Dataset content below:

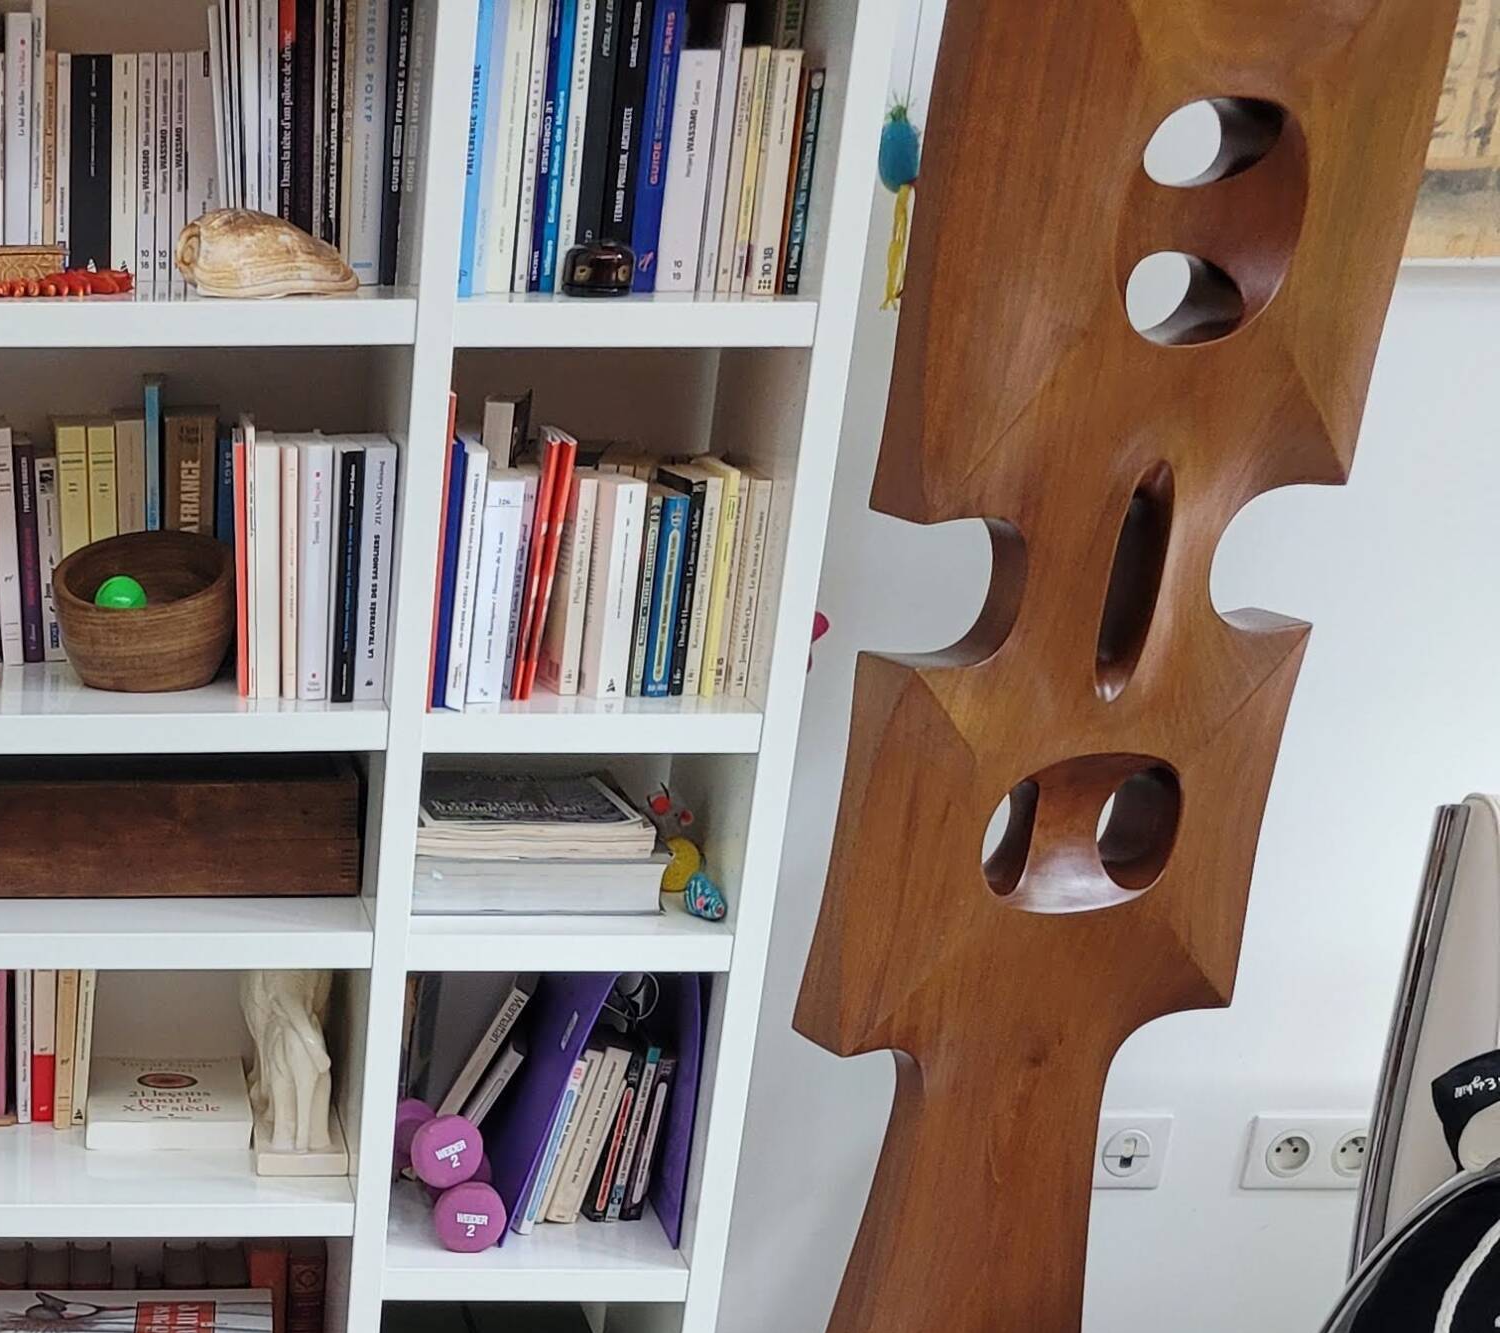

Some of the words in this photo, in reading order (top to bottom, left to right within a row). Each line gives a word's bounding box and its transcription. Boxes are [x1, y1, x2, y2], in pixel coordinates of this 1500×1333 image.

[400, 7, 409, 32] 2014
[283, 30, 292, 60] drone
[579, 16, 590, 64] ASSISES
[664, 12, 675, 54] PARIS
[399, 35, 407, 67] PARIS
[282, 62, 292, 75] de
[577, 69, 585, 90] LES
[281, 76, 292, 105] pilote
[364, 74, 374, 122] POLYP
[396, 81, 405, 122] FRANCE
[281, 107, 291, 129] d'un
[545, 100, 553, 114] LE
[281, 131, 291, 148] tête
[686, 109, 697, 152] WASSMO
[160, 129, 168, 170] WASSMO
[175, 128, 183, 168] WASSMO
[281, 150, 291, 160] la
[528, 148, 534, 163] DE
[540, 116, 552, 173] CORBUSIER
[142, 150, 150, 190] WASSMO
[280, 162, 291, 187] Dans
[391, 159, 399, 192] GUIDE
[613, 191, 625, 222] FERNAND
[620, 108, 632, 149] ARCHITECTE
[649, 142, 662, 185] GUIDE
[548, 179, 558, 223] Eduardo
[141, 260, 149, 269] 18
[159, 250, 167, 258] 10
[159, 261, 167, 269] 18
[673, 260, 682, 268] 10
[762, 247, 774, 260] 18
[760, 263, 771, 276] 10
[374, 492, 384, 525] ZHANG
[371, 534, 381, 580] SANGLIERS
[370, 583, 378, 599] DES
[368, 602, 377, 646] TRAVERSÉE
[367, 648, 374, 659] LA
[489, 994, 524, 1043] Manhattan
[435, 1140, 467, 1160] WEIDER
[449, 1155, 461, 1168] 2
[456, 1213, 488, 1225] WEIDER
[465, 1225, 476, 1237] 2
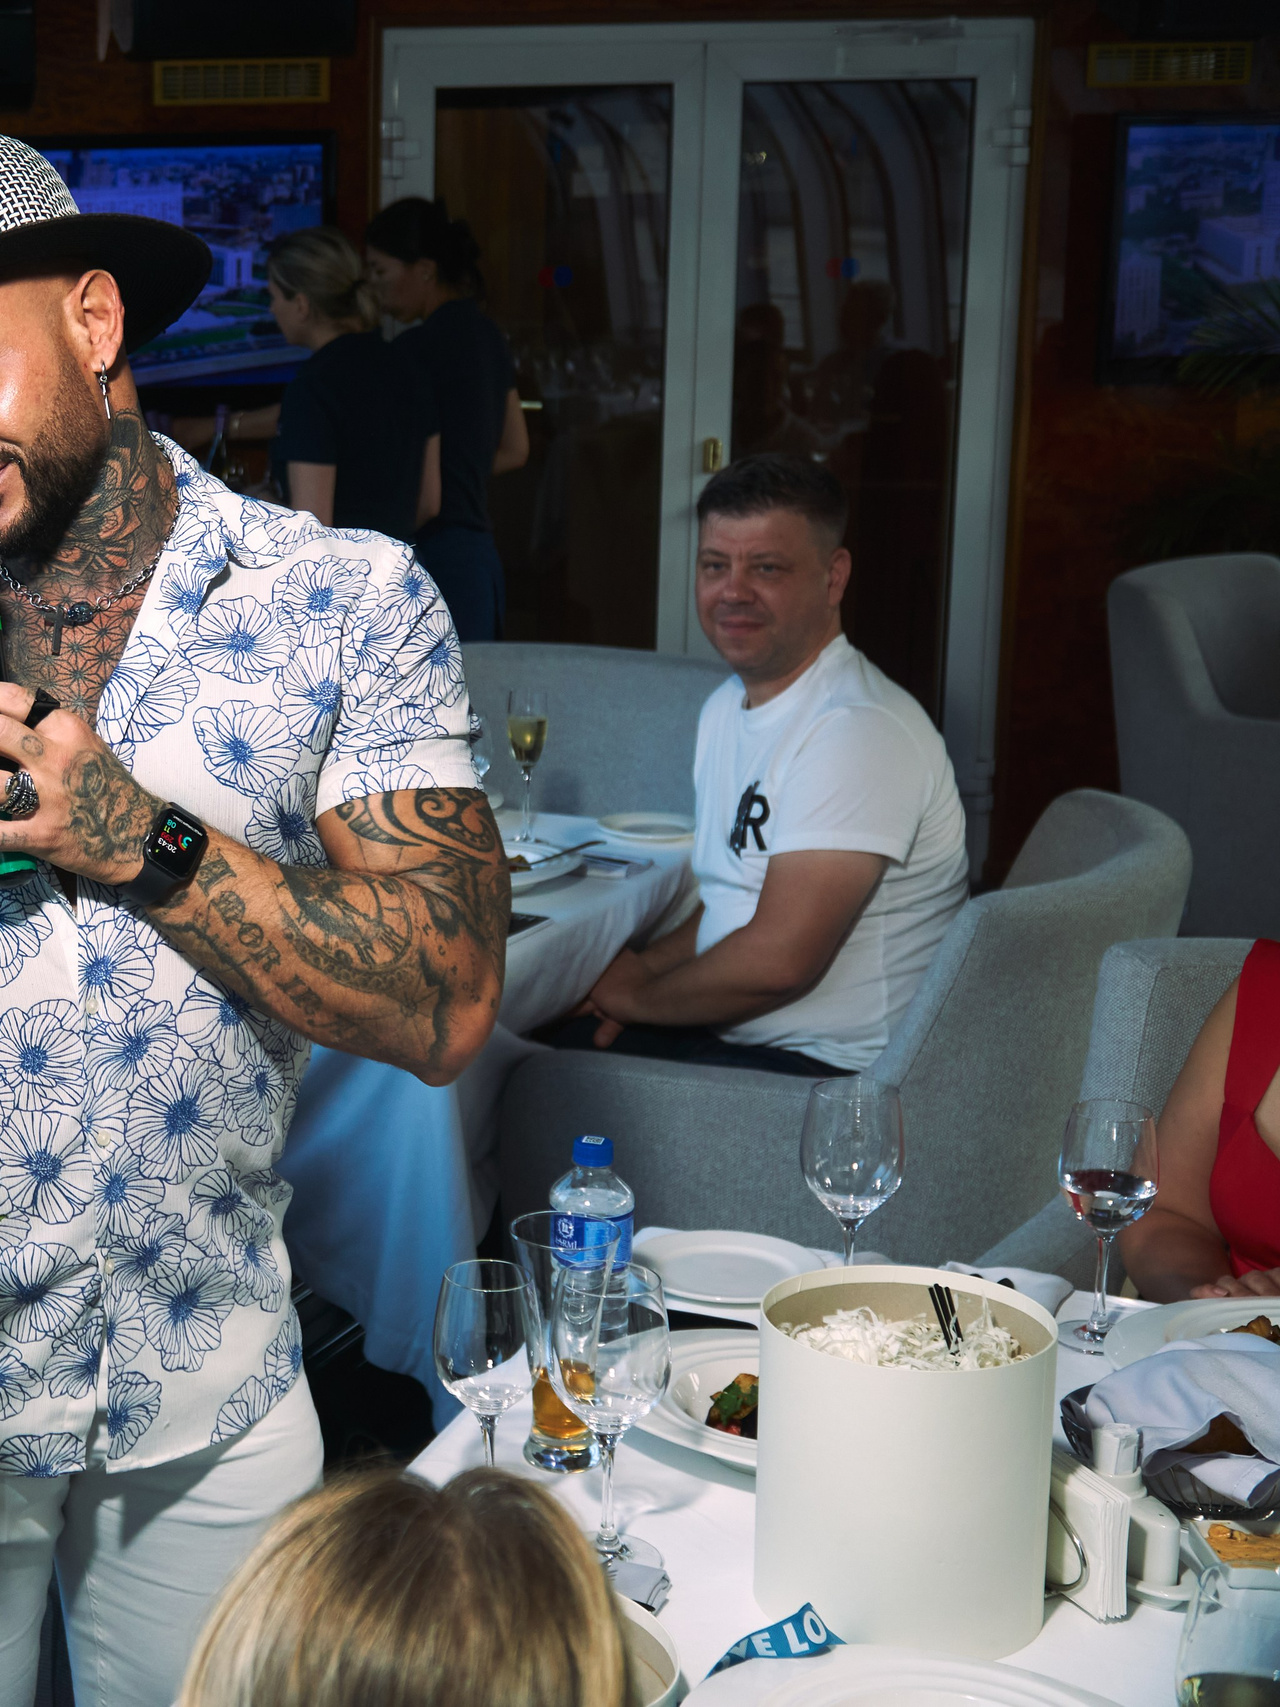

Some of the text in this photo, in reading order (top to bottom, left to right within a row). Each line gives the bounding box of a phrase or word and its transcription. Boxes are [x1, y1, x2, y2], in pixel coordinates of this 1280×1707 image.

End of Dataset content.
Dataset content below:

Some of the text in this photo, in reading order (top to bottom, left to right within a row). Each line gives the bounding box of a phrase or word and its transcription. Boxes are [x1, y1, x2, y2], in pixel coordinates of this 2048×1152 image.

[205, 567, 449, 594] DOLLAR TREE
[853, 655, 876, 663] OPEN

End of Dataset content.

- Exercise instructions -
When you reach the line that has "Some of the words" in the data above, start repeating lines exactly, and stop after the line that has "this 1280×1707 image."; pictures stay out.

- Exercise output -
Some of the words in this photo, in reading order (top to bottom, left to right within a row). Each line gives a word's bounding box and its transcription. Boxes are [x1, y1, x2, y2], in pixel coordinates of this 1500×1333 image.

[400, 7, 409, 32] 2014
[283, 30, 292, 60] drone
[579, 16, 590, 64] ASSISES
[664, 12, 675, 54] PARIS
[399, 35, 407, 67] PARIS
[282, 62, 292, 75] de
[577, 69, 585, 90] LES
[281, 76, 292, 105] pilote
[364, 74, 374, 122] POLYP
[396, 81, 405, 122] FRANCE
[281, 107, 291, 129] d'un
[545, 100, 553, 114] LE
[281, 131, 291, 148] tête
[686, 109, 697, 152] WASSMO
[160, 129, 168, 170] WASSMO
[175, 128, 183, 168] WASSMO
[281, 150, 291, 160] la
[528, 148, 534, 163] DE
[540, 116, 552, 173] CORBUSIER
[142, 150, 150, 190] WASSMO
[280, 162, 291, 187] Dans
[391, 159, 399, 192] GUIDE
[613, 191, 625, 222] FERNAND
[620, 108, 632, 149] ARCHITECTE
[649, 142, 662, 185] GUIDE
[548, 179, 558, 223] Eduardo
[141, 260, 149, 269] 18
[159, 250, 167, 258] 10
[159, 261, 167, 269] 18
[673, 260, 682, 268] 10
[762, 247, 774, 260] 18
[760, 263, 771, 276] 10
[374, 492, 384, 525] ZHANG
[371, 534, 381, 580] SANGLIERS
[370, 583, 378, 599] DES
[368, 602, 377, 646] TRAVERSÉE
[367, 648, 374, 659] LA
[489, 994, 524, 1043] Manhattan
[435, 1140, 467, 1160] WEIDER
[449, 1155, 461, 1168] 2
[456, 1213, 488, 1225] WEIDER
[465, 1225, 476, 1237] 2

Some of the text in this photo, in reading order (top to bottom, left to right within a row). Each line gives the bounding box of a phrase or word and its transcription. Boxes are [x1, y1, x2, y2], in pixel coordinates of this 1280×1707 image.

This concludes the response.